Your output should be every line below, copied exactly.
─── Dataset entries ───
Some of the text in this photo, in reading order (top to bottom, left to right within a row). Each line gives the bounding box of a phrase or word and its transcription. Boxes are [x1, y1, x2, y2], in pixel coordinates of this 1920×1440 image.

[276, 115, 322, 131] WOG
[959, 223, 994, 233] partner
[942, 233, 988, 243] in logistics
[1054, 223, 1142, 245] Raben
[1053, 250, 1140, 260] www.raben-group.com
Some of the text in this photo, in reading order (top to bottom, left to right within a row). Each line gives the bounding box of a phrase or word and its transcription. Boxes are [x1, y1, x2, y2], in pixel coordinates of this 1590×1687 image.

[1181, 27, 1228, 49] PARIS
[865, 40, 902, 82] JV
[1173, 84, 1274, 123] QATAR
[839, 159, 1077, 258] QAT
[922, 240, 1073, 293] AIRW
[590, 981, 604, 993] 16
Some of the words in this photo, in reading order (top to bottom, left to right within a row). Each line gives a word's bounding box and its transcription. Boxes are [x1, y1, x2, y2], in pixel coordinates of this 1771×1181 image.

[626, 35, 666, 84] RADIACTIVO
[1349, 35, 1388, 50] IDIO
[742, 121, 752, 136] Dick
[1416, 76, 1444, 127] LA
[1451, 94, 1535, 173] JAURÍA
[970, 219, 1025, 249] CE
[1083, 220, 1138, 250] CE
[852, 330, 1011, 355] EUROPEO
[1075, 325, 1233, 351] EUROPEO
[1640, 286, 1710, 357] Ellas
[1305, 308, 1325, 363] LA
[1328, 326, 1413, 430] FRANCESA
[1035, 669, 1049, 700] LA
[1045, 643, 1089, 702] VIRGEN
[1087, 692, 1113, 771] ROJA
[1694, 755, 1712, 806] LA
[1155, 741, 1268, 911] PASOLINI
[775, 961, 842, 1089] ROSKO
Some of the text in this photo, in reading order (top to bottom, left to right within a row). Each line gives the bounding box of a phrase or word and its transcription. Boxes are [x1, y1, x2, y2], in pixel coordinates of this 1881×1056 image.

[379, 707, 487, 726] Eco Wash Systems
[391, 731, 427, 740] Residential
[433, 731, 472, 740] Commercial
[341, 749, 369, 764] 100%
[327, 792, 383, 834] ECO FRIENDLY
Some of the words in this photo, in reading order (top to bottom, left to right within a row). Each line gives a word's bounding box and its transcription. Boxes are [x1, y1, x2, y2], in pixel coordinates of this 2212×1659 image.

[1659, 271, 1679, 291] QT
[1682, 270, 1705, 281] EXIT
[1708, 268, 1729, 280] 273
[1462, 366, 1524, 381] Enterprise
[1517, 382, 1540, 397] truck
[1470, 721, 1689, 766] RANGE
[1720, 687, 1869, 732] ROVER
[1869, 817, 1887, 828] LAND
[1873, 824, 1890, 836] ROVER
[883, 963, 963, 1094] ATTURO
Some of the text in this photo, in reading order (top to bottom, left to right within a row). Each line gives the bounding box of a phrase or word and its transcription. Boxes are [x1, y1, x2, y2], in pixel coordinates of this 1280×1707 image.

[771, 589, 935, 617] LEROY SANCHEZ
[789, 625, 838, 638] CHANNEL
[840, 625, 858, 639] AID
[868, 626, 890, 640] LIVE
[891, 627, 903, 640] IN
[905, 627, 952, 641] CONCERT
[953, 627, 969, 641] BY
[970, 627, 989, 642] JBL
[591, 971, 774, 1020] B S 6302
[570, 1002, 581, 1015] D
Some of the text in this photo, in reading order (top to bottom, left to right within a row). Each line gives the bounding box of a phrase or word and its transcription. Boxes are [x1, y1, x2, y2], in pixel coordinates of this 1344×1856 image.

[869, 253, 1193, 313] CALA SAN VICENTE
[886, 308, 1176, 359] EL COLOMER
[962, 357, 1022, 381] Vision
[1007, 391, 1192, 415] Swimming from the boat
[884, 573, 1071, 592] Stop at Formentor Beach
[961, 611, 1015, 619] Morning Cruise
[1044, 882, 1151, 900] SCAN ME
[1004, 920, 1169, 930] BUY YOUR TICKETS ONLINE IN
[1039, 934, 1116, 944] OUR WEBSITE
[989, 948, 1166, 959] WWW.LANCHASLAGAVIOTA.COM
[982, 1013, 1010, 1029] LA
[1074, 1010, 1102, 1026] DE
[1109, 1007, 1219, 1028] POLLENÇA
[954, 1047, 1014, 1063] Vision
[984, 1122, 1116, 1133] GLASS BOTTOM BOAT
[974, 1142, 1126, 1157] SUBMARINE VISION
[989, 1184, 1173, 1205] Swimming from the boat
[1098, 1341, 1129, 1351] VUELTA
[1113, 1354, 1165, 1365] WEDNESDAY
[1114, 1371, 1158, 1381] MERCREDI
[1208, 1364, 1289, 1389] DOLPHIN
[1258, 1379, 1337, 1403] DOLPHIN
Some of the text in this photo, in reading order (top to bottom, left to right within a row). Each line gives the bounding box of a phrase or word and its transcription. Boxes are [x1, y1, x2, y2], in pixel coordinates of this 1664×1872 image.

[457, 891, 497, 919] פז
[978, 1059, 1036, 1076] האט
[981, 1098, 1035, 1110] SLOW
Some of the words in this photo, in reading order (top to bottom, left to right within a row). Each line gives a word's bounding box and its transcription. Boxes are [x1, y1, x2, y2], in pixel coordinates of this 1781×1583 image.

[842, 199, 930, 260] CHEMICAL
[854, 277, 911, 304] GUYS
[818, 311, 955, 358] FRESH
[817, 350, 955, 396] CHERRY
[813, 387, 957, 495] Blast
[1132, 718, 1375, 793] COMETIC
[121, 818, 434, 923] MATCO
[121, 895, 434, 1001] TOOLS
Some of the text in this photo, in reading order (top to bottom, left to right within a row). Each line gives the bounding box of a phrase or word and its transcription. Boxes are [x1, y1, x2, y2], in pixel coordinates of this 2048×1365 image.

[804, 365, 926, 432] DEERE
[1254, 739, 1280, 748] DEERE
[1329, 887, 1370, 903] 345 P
───
> _Answer for the task_
Some of the text in this photo, in reading order (top to bottom, left to right within a row). Each line gives the bounding box of a phrase or word and its transcription. Boxes are [x1, y1, x2, y2], in pixel coordinates of this 1920×1440 image.

[276, 115, 322, 131] WOG
[959, 223, 994, 233] partner
[942, 233, 988, 243] in logistics
[1054, 223, 1142, 245] Raben
[1053, 250, 1140, 260] www.raben-group.com
Some of the text in this photo, in reading order (top to bottom, left to right within a row). Each line gives the bounding box of a phrase or word and its transcription. Boxes are [x1, y1, x2, y2], in pixel coordinates of this 1590×1687 image.

[1181, 27, 1228, 49] PARIS
[865, 40, 902, 82] JV
[1173, 84, 1274, 123] QATAR
[839, 159, 1077, 258] QAT
[922, 240, 1073, 293] AIRW
[590, 981, 604, 993] 16
Some of the words in this photo, in reading order (top to bottom, left to right within a row). Each line gives a word's bounding box and its transcription. Boxes are [x1, y1, x2, y2], in pixel coordinates of this 1771×1181 image.

[626, 35, 666, 84] RADIACTIVO
[1349, 35, 1388, 50] IDIO
[742, 121, 752, 136] Dick
[1416, 76, 1444, 127] LA
[1451, 94, 1535, 173] JAURÍA
[970, 219, 1025, 249] CE
[1083, 220, 1138, 250] CE
[852, 330, 1011, 355] EUROPEO
[1075, 325, 1233, 351] EUROPEO
[1640, 286, 1710, 357] Ellas
[1305, 308, 1325, 363] LA
[1328, 326, 1413, 430] FRANCESA
[1035, 669, 1049, 700] LA
[1045, 643, 1089, 702] VIRGEN
[1087, 692, 1113, 771] ROJA
[1694, 755, 1712, 806] LA
[1155, 741, 1268, 911] PASOLINI
[775, 961, 842, 1089] ROSKO
Some of the text in this photo, in reading order (top to bottom, left to right within a row). Each line gives the bounding box of a phrase or word and its transcription. Boxes are [x1, y1, x2, y2], in pixel coordinates of this 1881×1056 image.

[379, 707, 487, 726] Eco Wash Systems
[391, 731, 427, 740] Residential
[433, 731, 472, 740] Commercial
[341, 749, 369, 764] 100%
[327, 792, 383, 834] ECO FRIENDLY
Some of the words in this photo, in reading order (top to bottom, left to right within a row). Each line gives a word's bounding box and its transcription. Boxes are [x1, y1, x2, y2], in pixel coordinates of this 2212×1659 image.

[1659, 271, 1679, 291] QT
[1682, 270, 1705, 281] EXIT
[1708, 268, 1729, 280] 273
[1462, 366, 1524, 381] Enterprise
[1517, 382, 1540, 397] truck
[1470, 721, 1689, 766] RANGE
[1720, 687, 1869, 732] ROVER
[1869, 817, 1887, 828] LAND
[1873, 824, 1890, 836] ROVER
[883, 963, 963, 1094] ATTURO
Some of the text in this photo, in reading order (top to bottom, left to right within a row). Each line gives the bounding box of a phrase or word and its transcription. Boxes are [x1, y1, x2, y2], in pixel coordinates of this 1280×1707 image.

[771, 589, 935, 617] LEROY SANCHEZ
[789, 625, 838, 638] CHANNEL
[840, 625, 858, 639] AID
[868, 626, 890, 640] LIVE
[891, 627, 903, 640] IN
[905, 627, 952, 641] CONCERT
[953, 627, 969, 641] BY
[970, 627, 989, 642] JBL
[591, 971, 774, 1020] B S 6302
[570, 1002, 581, 1015] D
Some of the text in this photo, in reading order (top to bottom, left to right within a row). Each line gives the bounding box of a phrase or word and its transcription. Boxes are [x1, y1, x2, y2], in pixel coordinates of this 1344×1856 image.

[869, 253, 1193, 313] CALA SAN VICENTE
[886, 308, 1176, 359] EL COLOMER
[962, 357, 1022, 381] Vision
[1007, 391, 1192, 415] Swimming from the boat
[884, 573, 1071, 592] Stop at Formentor Beach
[961, 611, 1015, 619] Morning Cruise
[1044, 882, 1151, 900] SCAN ME
[1004, 920, 1169, 930] BUY YOUR TICKETS ONLINE IN
[1039, 934, 1116, 944] OUR WEBSITE
[989, 948, 1166, 959] WWW.LANCHASLAGAVIOTA.COM
[982, 1013, 1010, 1029] LA
[1074, 1010, 1102, 1026] DE
[1109, 1007, 1219, 1028] POLLENÇA
[954, 1047, 1014, 1063] Vision
[984, 1122, 1116, 1133] GLASS BOTTOM BOAT
[974, 1142, 1126, 1157] SUBMARINE VISION
[989, 1184, 1173, 1205] Swimming from the boat
[1098, 1341, 1129, 1351] VUELTA
[1113, 1354, 1165, 1365] WEDNESDAY
[1114, 1371, 1158, 1381] MERCREDI
[1208, 1364, 1289, 1389] DOLPHIN
[1258, 1379, 1337, 1403] DOLPHIN
Some of the text in this photo, in reading order (top to bottom, left to right within a row). Each line gives the bounding box of a phrase or word and its transcription. Boxes are [x1, y1, x2, y2], in pixel coordinates of this 1664×1872 image.

[457, 891, 497, 919] פז
[978, 1059, 1036, 1076] האט
[981, 1098, 1035, 1110] SLOW
Some of the words in this photo, in reading order (top to bottom, left to right within a row). Each line gives a word's bounding box and its transcription. Boxes are [x1, y1, x2, y2], in pixel coordinates of this 1781×1583 image.

[842, 199, 930, 260] CHEMICAL
[854, 277, 911, 304] GUYS
[818, 311, 955, 358] FRESH
[817, 350, 955, 396] CHERRY
[813, 387, 957, 495] Blast
[1132, 718, 1375, 793] COMETIC
[121, 818, 434, 923] MATCO
[121, 895, 434, 1001] TOOLS
Some of the text in this photo, in reading order (top to bottom, left to right within a row). Each line gives the bounding box of a phrase or word and its transcription. Boxes are [x1, y1, x2, y2], in pixel coordinates of this 2048×1365 image.

[804, 365, 926, 432] DEERE
[1254, 739, 1280, 748] DEERE
[1329, 887, 1370, 903] 345 P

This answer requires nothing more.